El tifón Rai arrasa el sudeste de Filipinas

Al menos 372 personas han fallecido a causa de los destrozos y por lo menos otras 50 siguen desaparecidas. Además, se estima que los heridos superan los 500. El tifón azotó al archipiélago entre el jueves y el sábado pasado, afectando nueve de las islas. Los servicios de emergencia filipinos todavía no superan las dificultades para llevar ayuda a todos los damnificados.

En el país, la mala calidad de las construcciones y viviendas agravan el impacto de los tifones, que cada vez son más violentos debido a la crisis climática. De acuerdo con el informe de la Policía Nacional, las zonas más afectadas son Bisayas, Caraga, Siargao, Norte Mindanao y Zamboanga. En algunas ciudades hasta el 90% de los alojamientos quedaron dañados y hay una necesidad urgente de alimentos, alojamiento, electricidad y kits sanitarios.

Los afectados ya han elevado sus protestas por la lentitud de la llegada de ayuda. Ante las demandas, el presidente filipino Rodrigo Duterte instó a la población a ser paciente y prometió que se destinarán 2.000 millones de pesos para dar asistencia a los damnificados. Las estimaciones indican que hay más de 442.000 personas desplazadas y casi un millón de afectados por Rai.
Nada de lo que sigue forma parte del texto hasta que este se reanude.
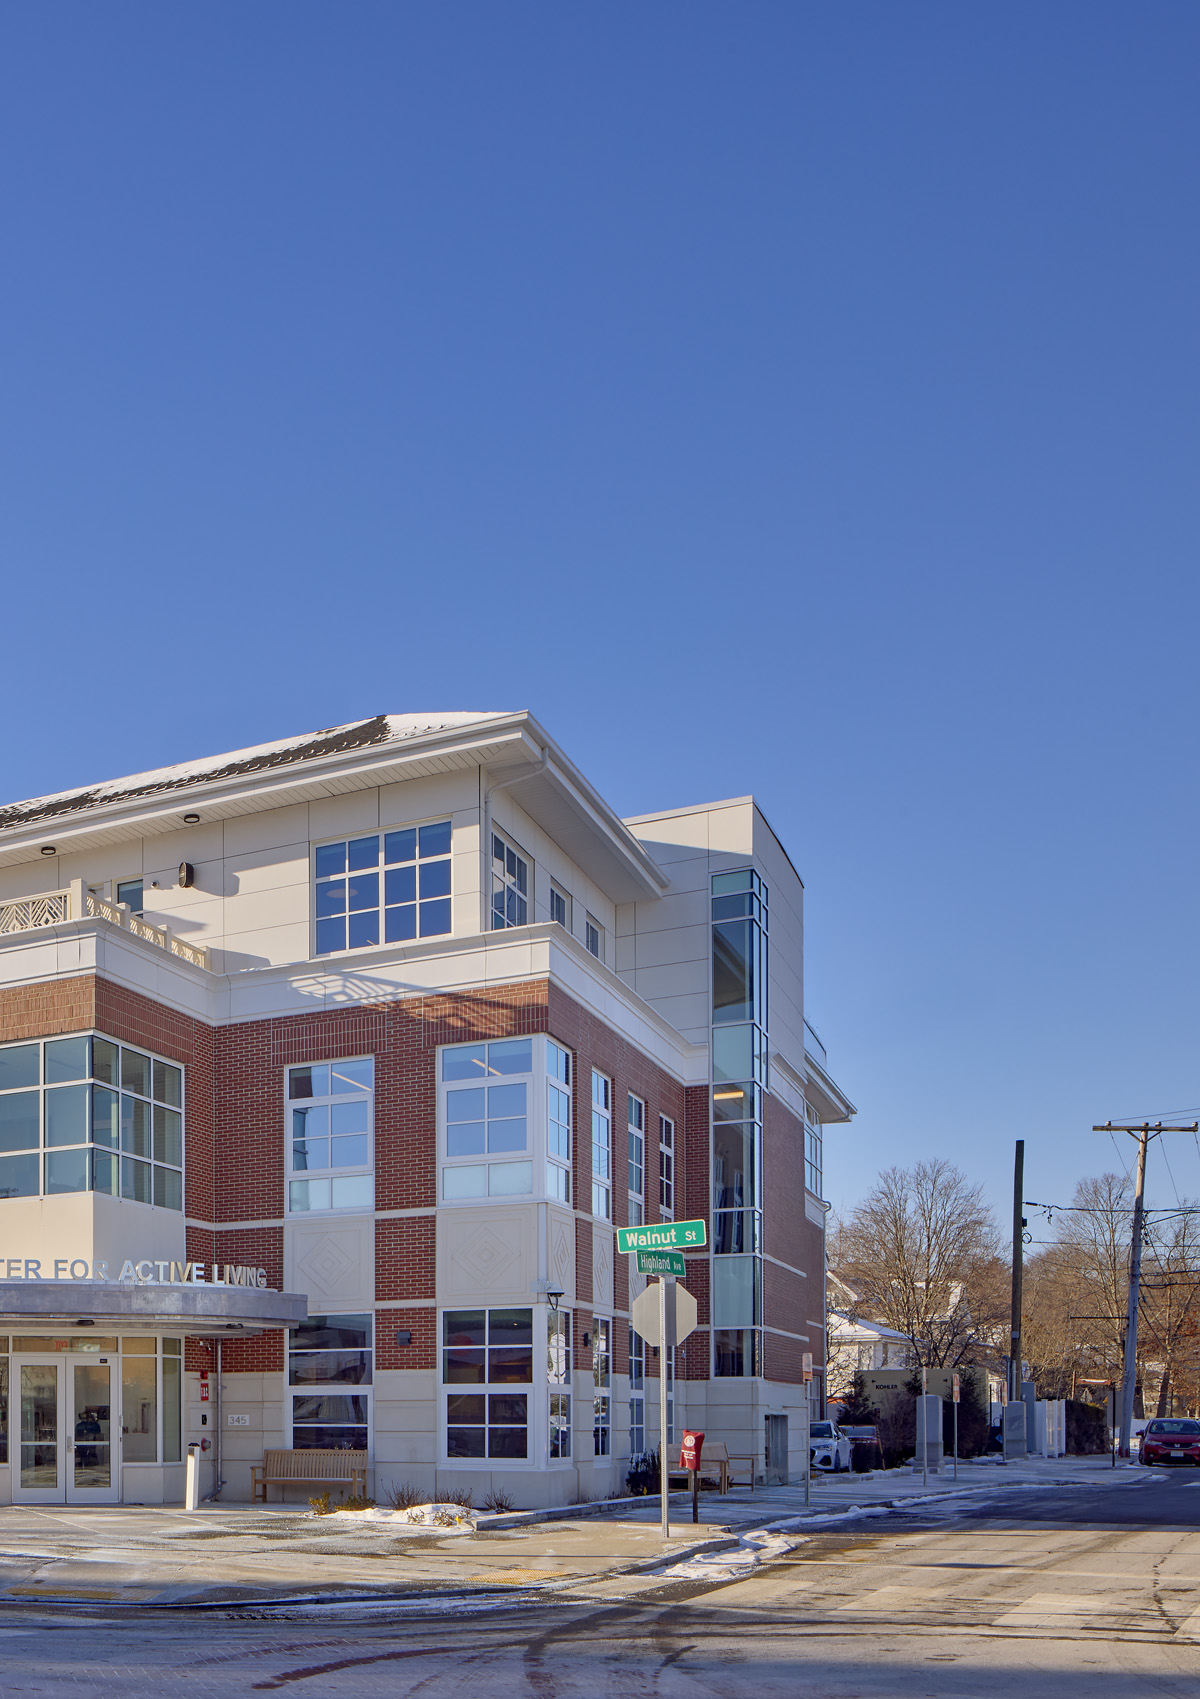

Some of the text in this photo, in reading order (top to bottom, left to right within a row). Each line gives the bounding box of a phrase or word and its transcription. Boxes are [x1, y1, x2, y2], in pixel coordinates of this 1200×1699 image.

[626, 1228, 696, 1247] Walnut St
[640, 1254, 682, 1272] Highland Ave
[54, 1259, 109, 1280] FOR
[118, 1259, 205, 1283] ACTIVE
[211, 1263, 268, 1288] LIVING
[229, 1415, 246, 1425] 345
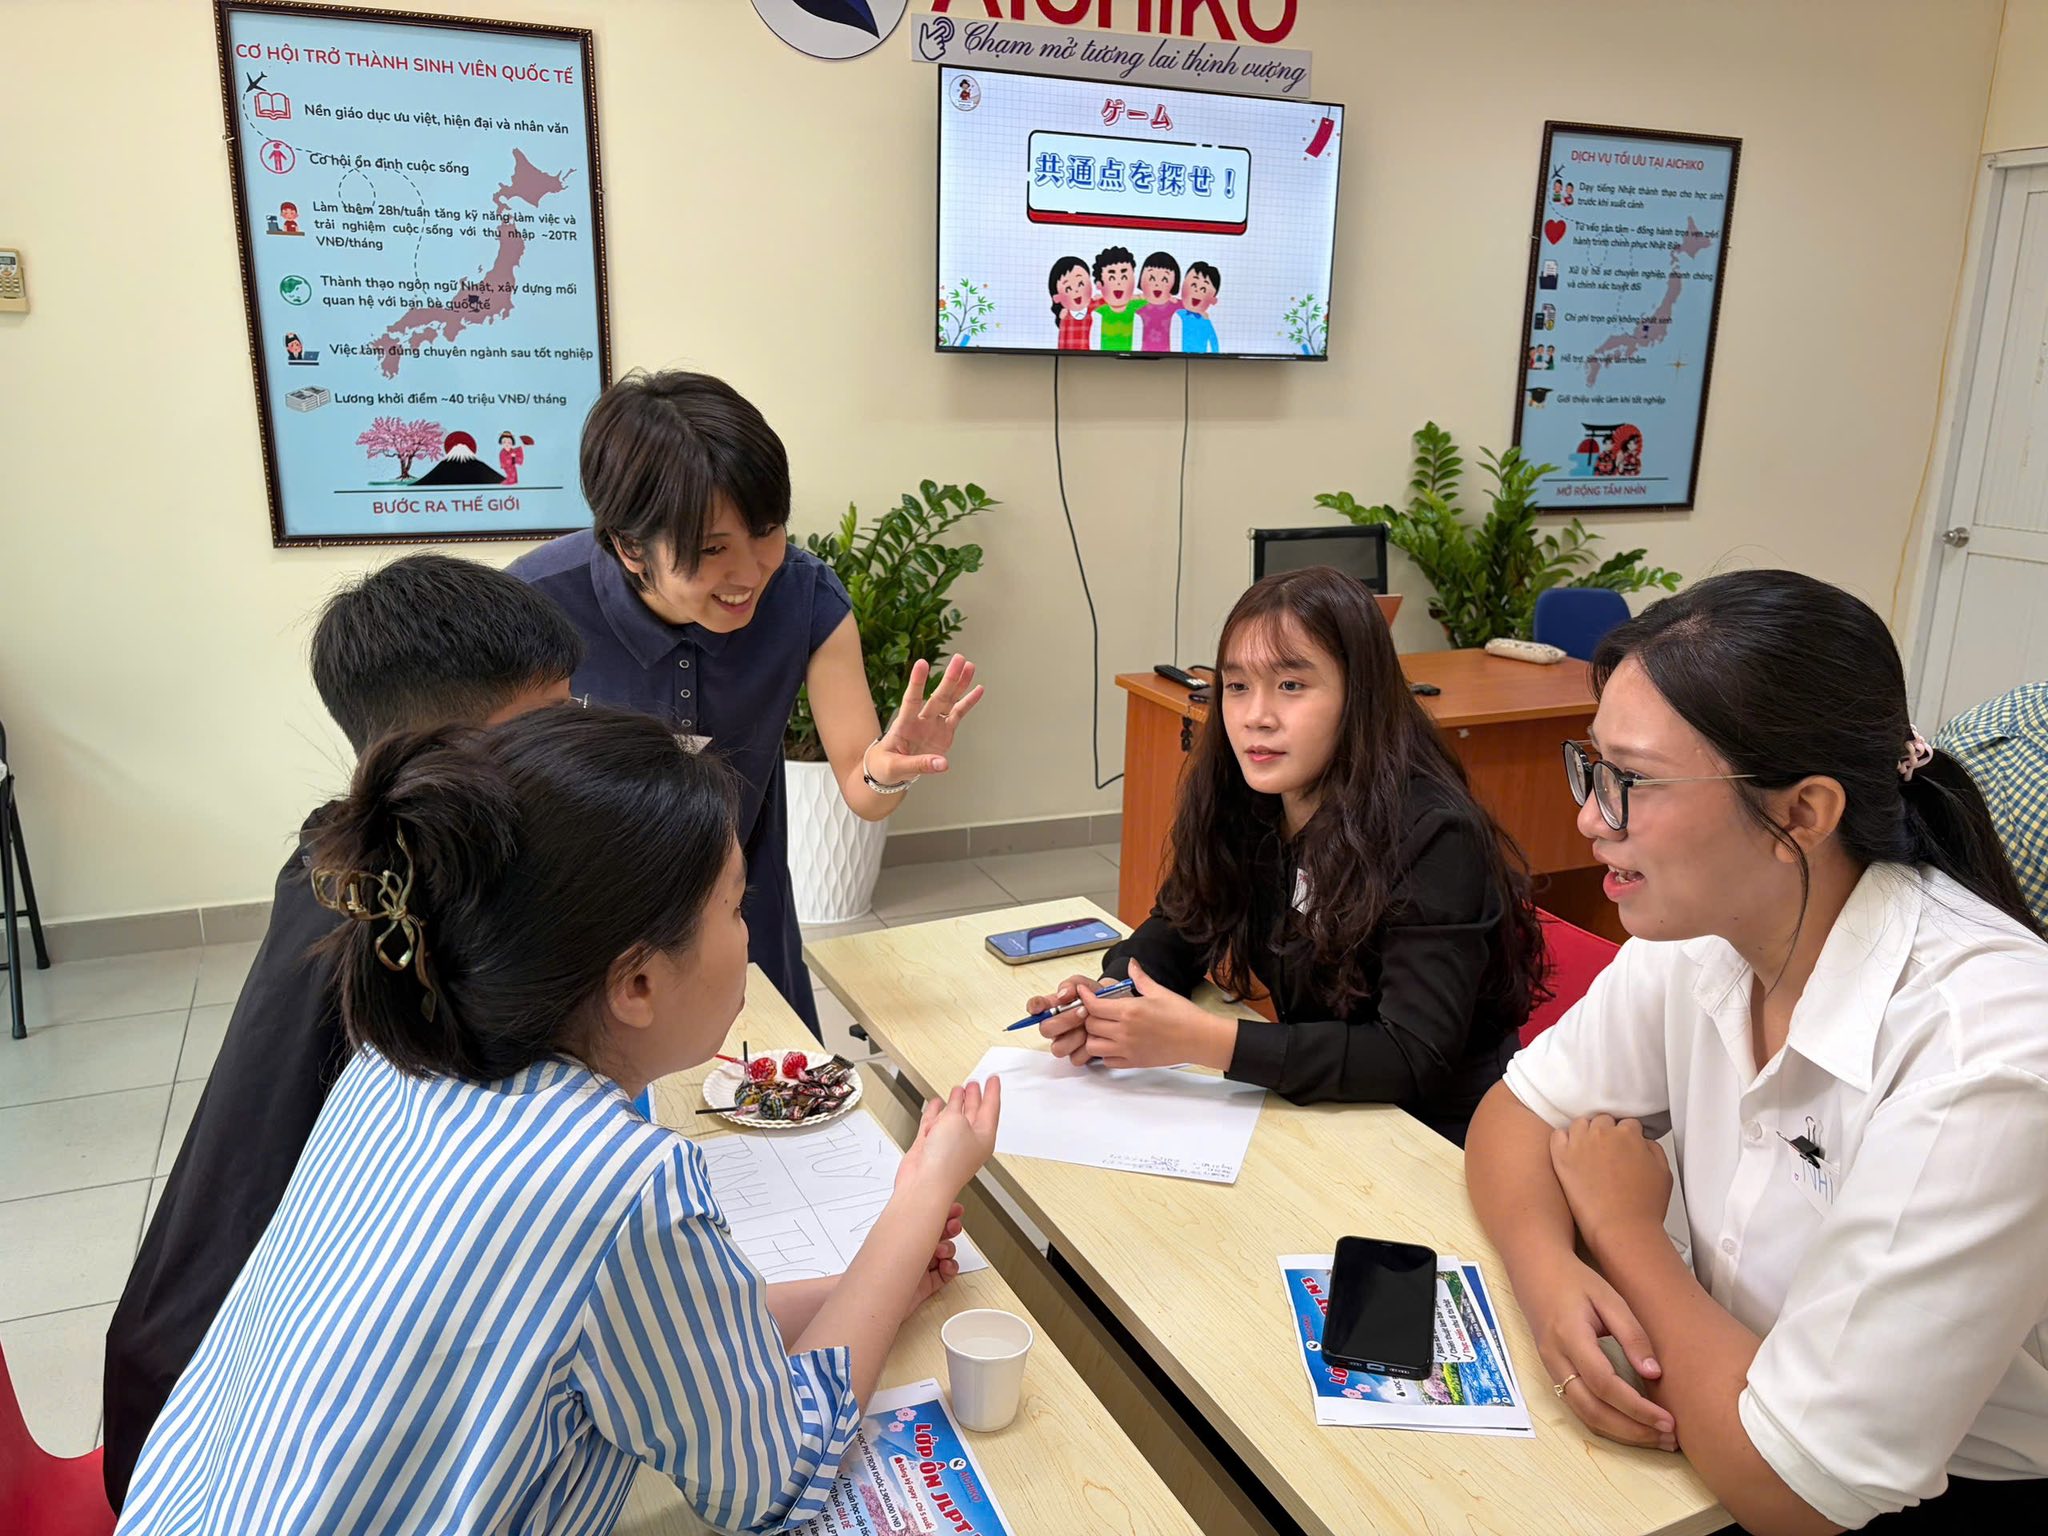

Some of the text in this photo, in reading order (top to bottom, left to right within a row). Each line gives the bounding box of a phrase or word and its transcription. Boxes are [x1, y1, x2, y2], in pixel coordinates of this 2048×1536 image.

[235, 43, 573, 85] CƠ HỘI TRỞ THÀNH SINH VIÊN QUỐC TẾ
[964, 22, 1306, 93] Chạm mở tương lai thịnh vượng
[304, 103, 568, 134] Nền giáo dục ưu việt, hiện đại và nhân văn
[1101, 99, 1173, 131] ゲーム
[406, 159, 436, 174] cuộc
[438, 160, 469, 176] sống
[312, 200, 338, 212] Làm
[340, 200, 375, 215] thêm
[377, 202, 430, 221] 28h/tuần
[433, 207, 460, 221] tăng
[464, 209, 478, 222] kỹ
[511, 211, 534, 225] làm
[538, 213, 560, 226] việc
[563, 214, 576, 224] và
[313, 218, 335, 229] trải
[341, 220, 385, 233] nghiệm
[422, 220, 453, 237] sống
[459, 225, 476, 236] với
[541, 229, 577, 241] ~20TR
[315, 235, 383, 251] VNĐ/tháng
[319, 274, 361, 287] Thành
[364, 276, 394, 291] thạo
[397, 277, 430, 294] ngôn
[433, 279, 459, 295] ngữ
[497, 278, 518, 296] xây
[521, 282, 551, 296] dựng
[555, 282, 576, 294] mối
[322, 296, 355, 307] quan
[358, 294, 374, 309] hệ
[377, 295, 396, 307] với
[423, 343, 466, 359] chuyên
[469, 346, 507, 359] ngành
[510, 349, 530, 357] sau
[533, 346, 551, 358] tốt
[553, 347, 593, 360] nghiệp
[334, 391, 567, 406] Lương khởi điểm ~40 triệu VNĐ/ tháng
[373, 496, 520, 515] BƯỚC RA THẾ GIỚI
[1301, 1277, 1323, 1295] N3
[915, 1424, 973, 1533] LỚP ÔN JLPT
[960, 1471, 982, 1503] AICHIKO
[843, 1481, 850, 1489] 10
[849, 1501, 861, 1515] học
[907, 1484, 916, 1499] ngay
El tifón es el decimoquinto en llegar a Filipinas este año y dañó más de 4.000 viviendas, dejó sin electricidad a alrededor de 230 localidades, y afectó 41 rutas y 4 puentes. El país no es ajeno a los desastres naturales: un promedio de 20 tifones golpean al archipiélago cada año. A su vez, Filipinas es uno de los países más vulnerables a la crisis climática, a lo que se agrega que se encuentra sobre el Anillo de Fuego del Pacífico, la zona que acumula casi la totalidad de la actividad sísmica y volcánica del planeta.